At the beginning of the lockdown, the government embarked on the difficult task of simultaneously protecting lives and livelihoods during the pandemic, but recent data shows that businesses are still folding. 

In January, StatsSA announced that the overall number of companies that have been liquidated increased by 20.5% in the fourth quarter of 2020 compared to the same period in 2019.

This decline has resulted in a 14.2% year-on-year increase in the number of liquidations. The list of companies that are intending to shut their doors permanently is also growing.

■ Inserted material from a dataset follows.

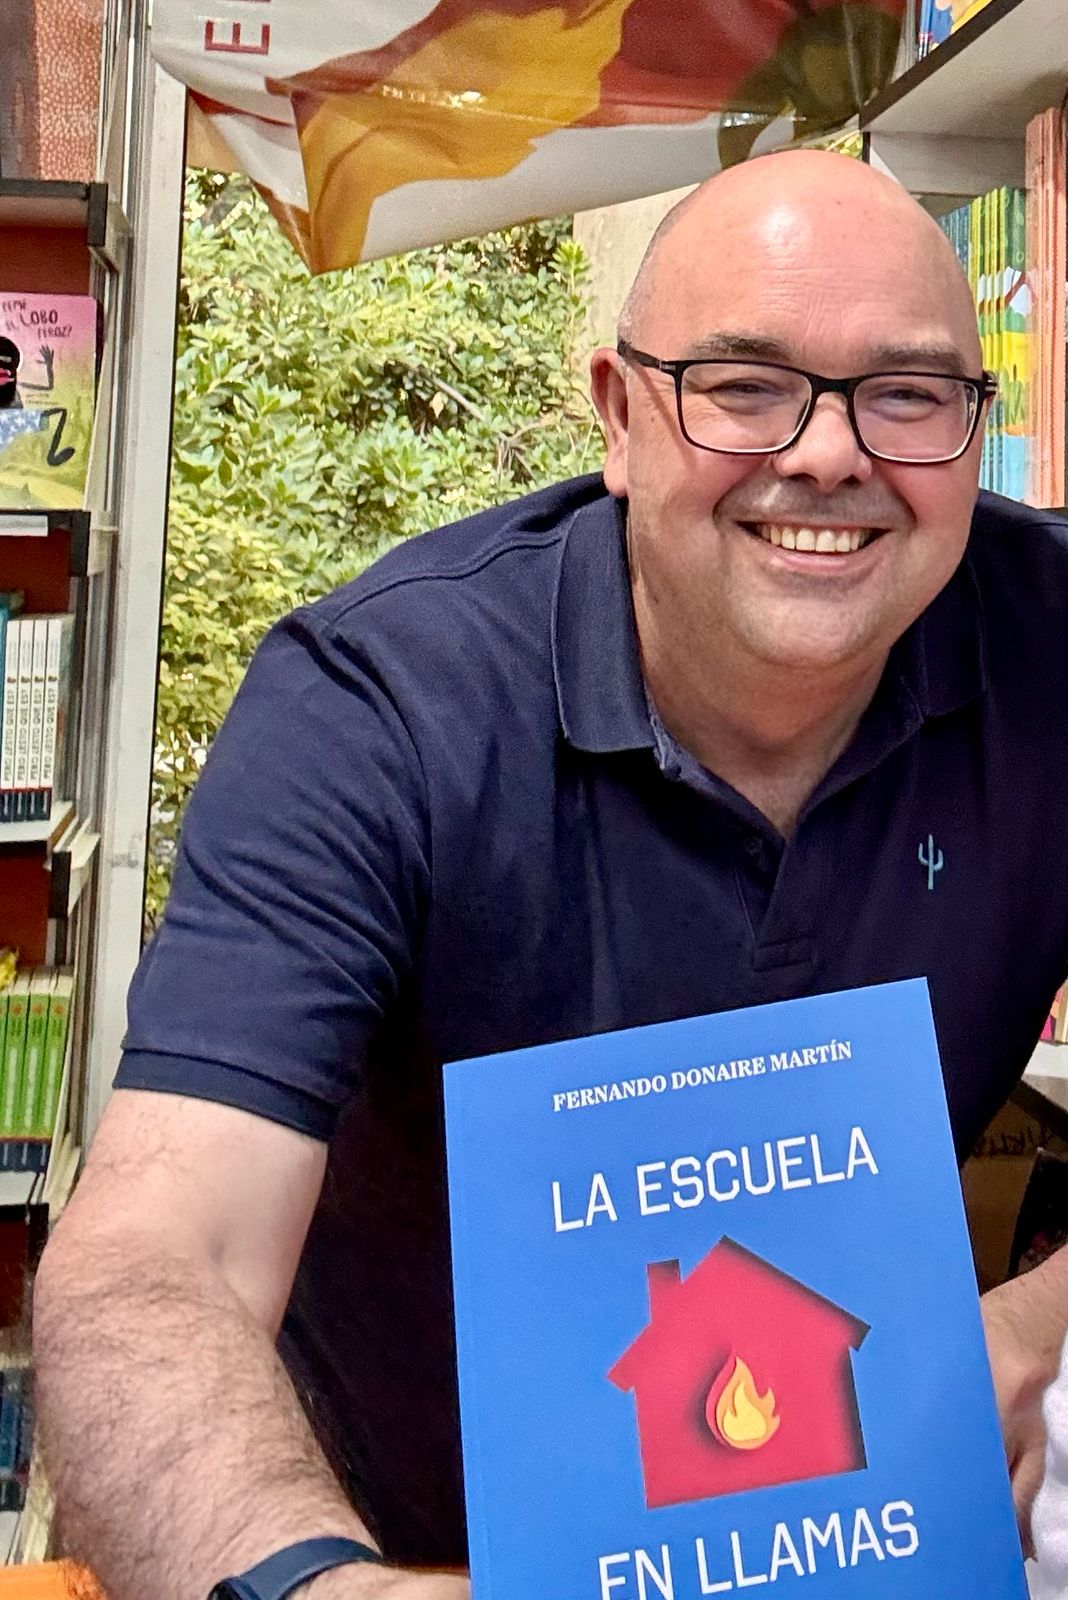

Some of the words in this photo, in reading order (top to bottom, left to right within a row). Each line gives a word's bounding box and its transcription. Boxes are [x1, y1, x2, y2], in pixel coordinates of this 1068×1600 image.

One of the casualties has been the transport company Unitrans Passenger’s Greyhound buses, which will cease to operate this month after 37 years. The company will also close its Citiliner bus service. Unitrans Passenger said it has been operating in a challenging environment, now exacerbated by Covid-19.

Last year, independent media company Associated Media Publishing (AMP) shut down, resulting in the end of publications such as Cosmopolitan and House & Leisure. In addition, Media24 also closed some of its publications.

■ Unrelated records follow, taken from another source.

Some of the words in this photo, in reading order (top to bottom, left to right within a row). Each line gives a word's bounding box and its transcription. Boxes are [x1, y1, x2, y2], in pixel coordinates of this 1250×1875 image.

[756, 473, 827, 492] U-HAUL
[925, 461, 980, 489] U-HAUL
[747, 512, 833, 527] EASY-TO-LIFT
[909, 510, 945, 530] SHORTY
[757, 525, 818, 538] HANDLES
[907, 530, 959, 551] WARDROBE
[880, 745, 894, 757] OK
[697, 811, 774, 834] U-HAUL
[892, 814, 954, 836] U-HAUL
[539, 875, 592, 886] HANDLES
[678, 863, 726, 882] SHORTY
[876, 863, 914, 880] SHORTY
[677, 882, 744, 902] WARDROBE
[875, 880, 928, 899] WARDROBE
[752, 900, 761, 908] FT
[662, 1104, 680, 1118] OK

Meanwhile, the travel restrictions caused Flight Centre, one of South Africa’s largest travel companies, to close 40% of its stores. Then, in January, Musica announced that it would also stop trading permanently. 

FinFind’s survey found that 42% of small, medium and micro-enterprises (SMMEs) closed during the first five months of the 2020 lockdown. The company, which assists businesses to find funding, surveyed 15 000 SMMEs across all sectors.
The companies that were most significantly impacted were in construction, food and beverage and hospitality. 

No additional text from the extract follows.